[Opening Records supplied section]
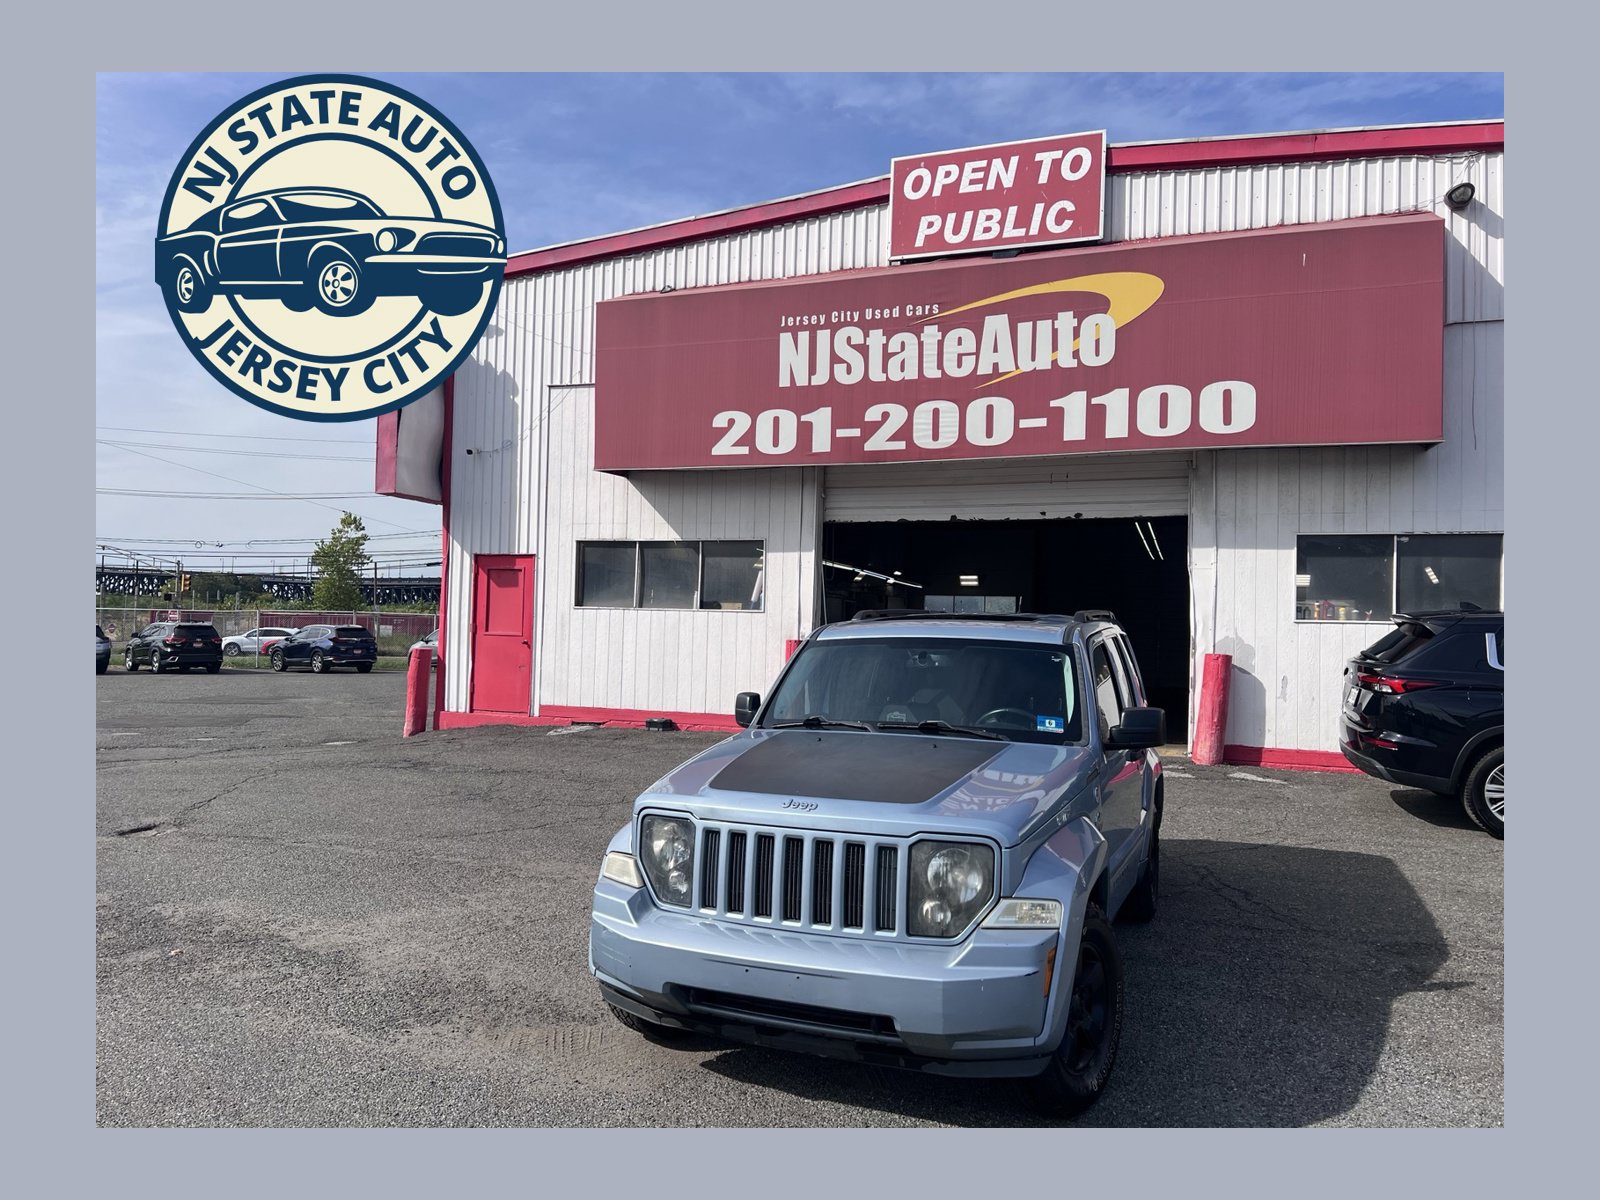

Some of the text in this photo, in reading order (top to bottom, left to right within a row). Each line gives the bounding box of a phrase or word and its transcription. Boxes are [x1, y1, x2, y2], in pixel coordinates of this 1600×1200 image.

[903, 146, 1093, 201] OPEN TO
[914, 199, 1076, 249] PUBLIC
[780, 303, 939, 327] Jersey City Used Cars
[778, 309, 1117, 388] NJStateAuto
[711, 380, 1257, 456] 201-200-1100
[782, 798, 819, 813] Jeep
[Closing Records supplied section]
What is needed is a word-for-word transcription of all the entries, with the pictures dropped.

Some of the text in this photo, in reading order (top to bottom, left to right within a row). Each line gives the bounding box of a phrase or word and its transcription. Boxes are [x1, y1, x2, y2], in pixel coordinates of this 1600×1200 image.

[903, 146, 1093, 201] OPEN TO
[914, 199, 1076, 249] PUBLIC
[780, 303, 939, 327] Jersey City Used Cars
[778, 309, 1117, 388] NJStateAuto
[711, 380, 1257, 456] 201-200-1100
[782, 798, 819, 813] Jeep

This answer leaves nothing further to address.